Nel mondo delle persone con disabilità – che è poi è lo stesso di quelle “senza” – da qualche tempo si fa un gran parlare, o meglio un grande scrivere, dell’assistente personale. Oggi vorrei trattare di una particolare specializzazione di tale figura: l’“uomo da soma”.
Non me ne abbiano asini, muli e animali consimili se ho usato una espressione che di solito è a loro collegata, ma l’accostamento non è peregrino: infatti l’uomo da soma porta pazientemente grossi carichi, è per sua natura un essere frugale e si lamenta assai poco.
Tornando alle persone con disabilità, Silvia usufruisce del sottoscritto miserello come uomo da soma, incaricato quindi di portare a spalla o a braccia tutto il necessario all’itinere che non trova posto sulla carrozzina (e talvolta la carrozzina stessa!).
E quindi, grossi zaini con le più complesse apparecchiature medicali, svariati ricambi di biancheria griffata, un completo da pic-nic per portatrici di stomia gastrica, otri di acqua naturale di montagna (deve sgorgare obbligatoriamente ad almeno 1.500 metri sul livello del mare!).
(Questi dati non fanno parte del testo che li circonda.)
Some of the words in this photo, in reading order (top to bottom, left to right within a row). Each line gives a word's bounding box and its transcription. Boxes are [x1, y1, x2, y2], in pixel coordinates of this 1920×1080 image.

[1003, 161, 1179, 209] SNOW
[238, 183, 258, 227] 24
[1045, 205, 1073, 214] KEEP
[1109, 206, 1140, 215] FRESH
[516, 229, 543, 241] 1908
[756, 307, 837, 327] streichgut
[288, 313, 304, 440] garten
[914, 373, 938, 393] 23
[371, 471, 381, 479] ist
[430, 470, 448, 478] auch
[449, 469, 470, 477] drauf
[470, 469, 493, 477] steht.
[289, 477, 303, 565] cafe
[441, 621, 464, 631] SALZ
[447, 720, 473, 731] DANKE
Questi grossi zaini sono rudemente alloggiati sulle un dì robuste – ora solo vetuste – spalle dello scrivente il quale, a buon peso, presto indosserà una speciale cintura con gancio su snodo cardanico, atta a tirare un rimorchietto a due ruote con portata di 90 chili.
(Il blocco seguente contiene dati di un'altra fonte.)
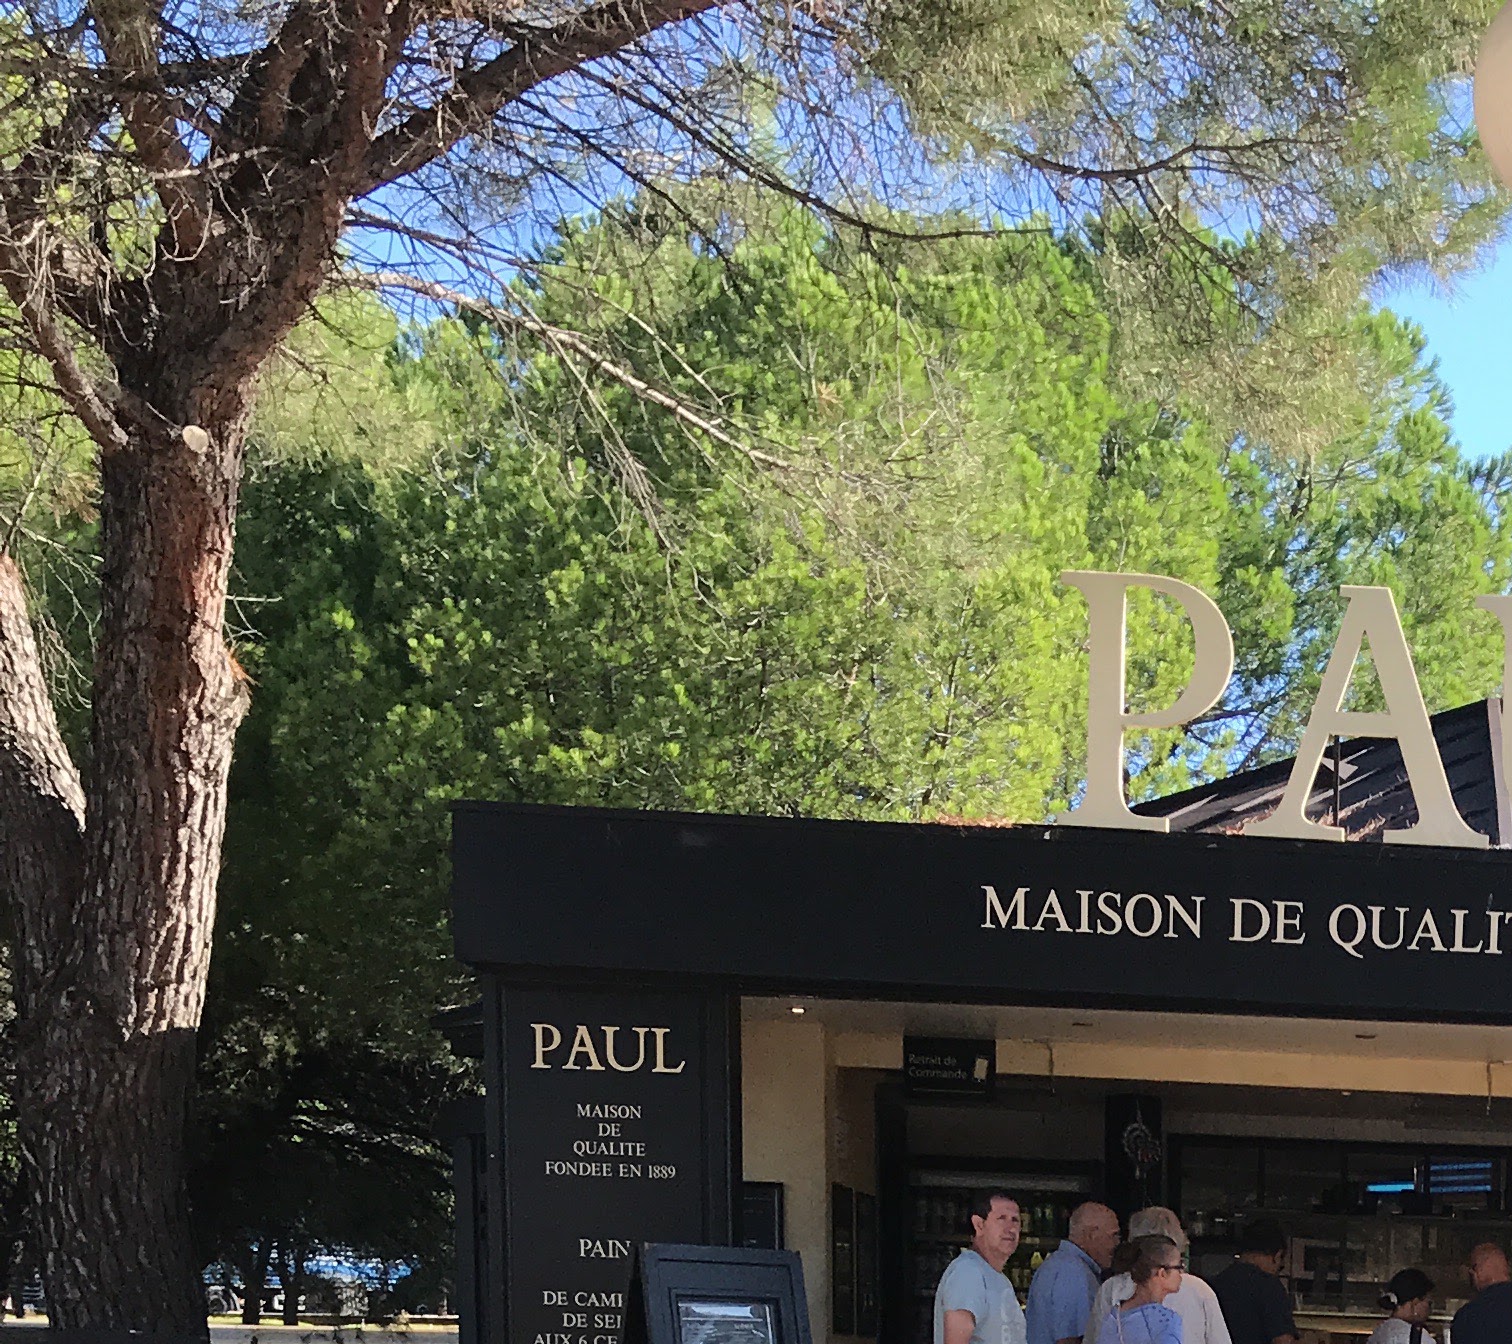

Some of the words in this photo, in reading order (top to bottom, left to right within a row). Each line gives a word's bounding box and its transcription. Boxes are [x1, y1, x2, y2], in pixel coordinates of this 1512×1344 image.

[981, 886, 1205, 938] MAISON
[1229, 899, 1305, 944] DE
[531, 1024, 685, 1073] PAUL
[577, 1104, 641, 1118] MAISON
[599, 1123, 620, 1136] DE
[574, 1141, 645, 1156] QUALITE
[546, 1162, 612, 1176] FONDEE
[619, 1164, 641, 1177] EN
[649, 1166, 675, 1178] 1889
[543, 1291, 568, 1305] DE
[563, 1313, 588, 1327] DE
Fortunatamente lo sviluppo della tecnologia degli ultimi cinquant’anni ha miniaturizzato gli strumenti di trasmissione e ricezione dai 35 chili dei radiotelefoni di quando l’uomo da soma era caporal maggiore di leva negli Alpini, ai pochi grammi delle moderne diavolerie telefoniche, graziandolo inoltre – stante lo stato di pace almeno del nostro Paese – dei 13 chili del mitragliatore leggero.
Qual premio a tanta (bestial) fatica, viene concesso un caffè (95% robusta e 5% arabica) ogni quattro ore di marcia.
“Uomini da soma” di tutto il mondo, uniamoci e reclamiamo almeno un 50% di arabica nella miscela del caffè!